Clause 8(d) ICA 1996 “Act or Neglect” means any act, not any culpable act

The recent High Court judgement (on appeal from an arbitration award) in Transgrain Shipping (Singapore) Pte Ltd v Yangtze Navigation (Hong Kong) Co Ltd [2016] EWHC 3132 (Comm) provides important clarification of the effect of the Inter-Club Agreement 1996 (the “ICA”) which is widely incorporated into charterparties.

  

Where incorporated the ICA provides a “rough and ready” means of apportioning liability for cargo claims as between owners and charterers, reducing the potential for protracted and expensive multi party litigation which is a common feature of such disputes.

The dispute arose from cargo damage claims brought by cargo receivers against the owners of the MV “YAGTZE XIN HUA”.

The tribunal found that the cargo damage had been caused by inherent properties of the cargo combined with delay at the discharge port. The delay at the discharge port occurred when charterers (Transgrain Shipping) ordered the vessel to wait off the port pending full payment for the cargo by receivers.

Owners settled a claim by cargo interests in the sum of EUR 2,654,238 and sought to recover the full settlement sum under clause 8(d) of the ICA on the basis that the claim arose out of Charterer’s “act” in detaining the vessel off the port. Clause 8(d) states as follows:

(d) All other cargo  claims whatsoever (including claims for delay to cargo):

50% Charterers

50% Owners

Unless there is clear and irrefutable evidence that the claim arose out of the act or neglect of the one or the other (including their servants of sub-contractors) in which case that party shall then bear 100% of the claim.

However, Charterers argued that the word “act” in clause 8(d) of the ICA should take its “colour” from its context and its association with the word “neglect”. Charterers therefore asserted that “act” had to be read to mean “culpable act”.

The court held that the word “act” in this context did not require fault. Rejecting suggestions that this could result in unfairness the court relied heavily on the aim of the ICA regime to achieve a “more or less mechanical apportionment of liability” and in that context considered that “act” should bear its ordinary and natural meaning, without regard to questions of fault. 

It is not yet clear whether the judgement will be appealed but in the meantime parties concerned about the impact of the judgement may consider contracting on different terms.

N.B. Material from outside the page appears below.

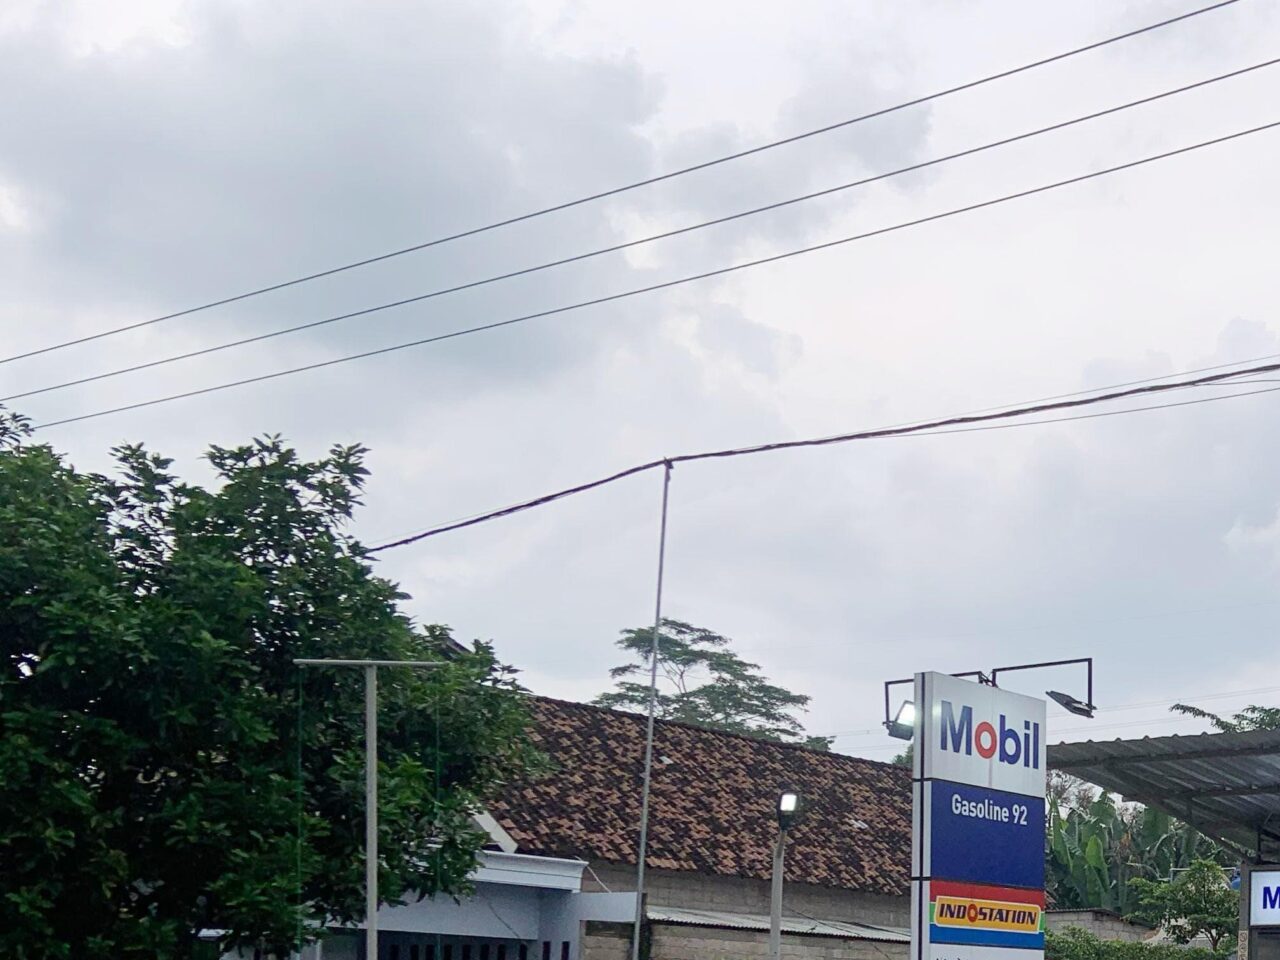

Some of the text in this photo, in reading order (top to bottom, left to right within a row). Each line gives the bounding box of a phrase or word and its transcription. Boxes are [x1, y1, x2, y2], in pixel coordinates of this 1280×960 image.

[940, 700, 1040, 770] Mobil
[952, 793, 1028, 826] Gasoline 92
[938, 903, 1038, 926] INDOSTATION

Although on first glance the judgement would appear to achieve benefits in terms of commercial certainty, divorcing liability from fault, it may be questioned whether this approach simply moves the battleground from questions of “fault” to questions of “causation”. In any event however the case provides a useful summary of the principles of apportionment (as they currently stand) under the ICA generally and is therefore valuable reading material for those involved in ICA cargo claims.